- Requirement
Your answer must be the data repeated exactly, with no pictures in it.

- Records shown
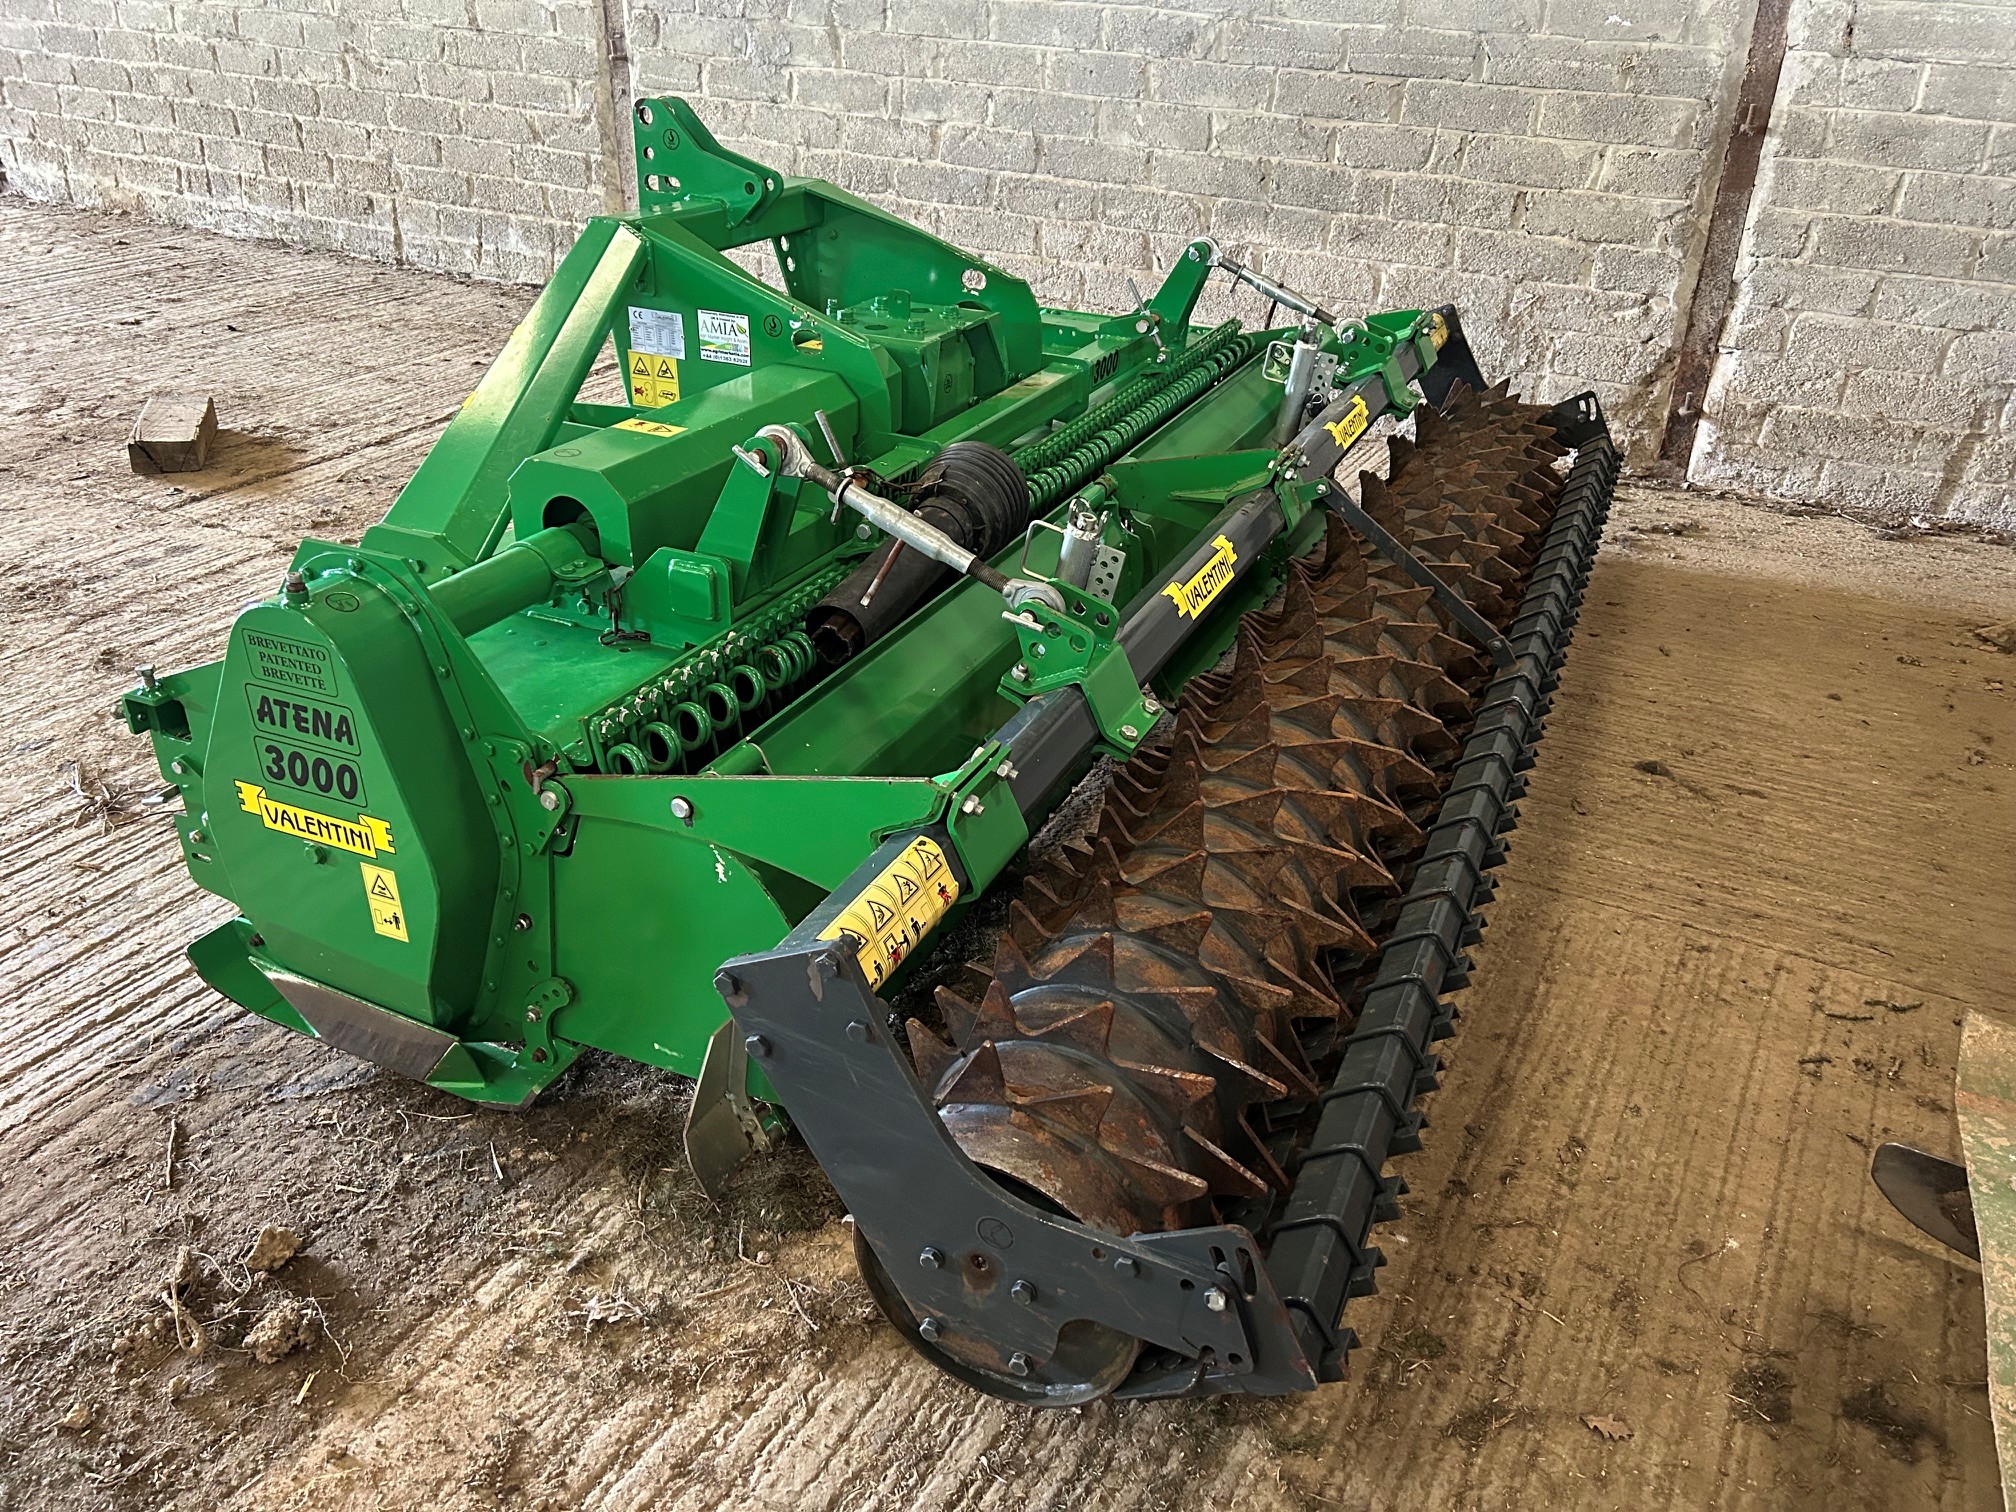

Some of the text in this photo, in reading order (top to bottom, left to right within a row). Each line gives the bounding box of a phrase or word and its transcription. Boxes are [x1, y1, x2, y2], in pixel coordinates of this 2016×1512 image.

[700, 319, 738, 337] AMIA
[1093, 348, 1119, 384] 3000
[1338, 408, 1366, 444] VALENTINI
[1186, 554, 1232, 610] VALENTINI
[247, 634, 326, 662] BREVETTATO
[258, 651, 322, 675] PATENTED
[256, 694, 354, 746] ATENA
[264, 743, 358, 800] 3000
[264, 804, 372, 851] VALENTINI

- Answer for this exercise
Some of the text in this photo, in reading order (top to bottom, left to right within a row). Each line gives the bounding box of a phrase or word and its transcription. Boxes are [x1, y1, x2, y2], in pixel coordinates of this 2016×1512 image.

[700, 319, 738, 337] AMIA
[1093, 348, 1119, 384] 3000
[1338, 408, 1366, 444] VALENTINI
[1186, 554, 1232, 610] VALENTINI
[247, 634, 326, 662] BREVETTATO
[258, 651, 322, 675] PATENTED
[256, 694, 354, 746] ATENA
[264, 743, 358, 800] 3000
[264, 804, 372, 851] VALENTINI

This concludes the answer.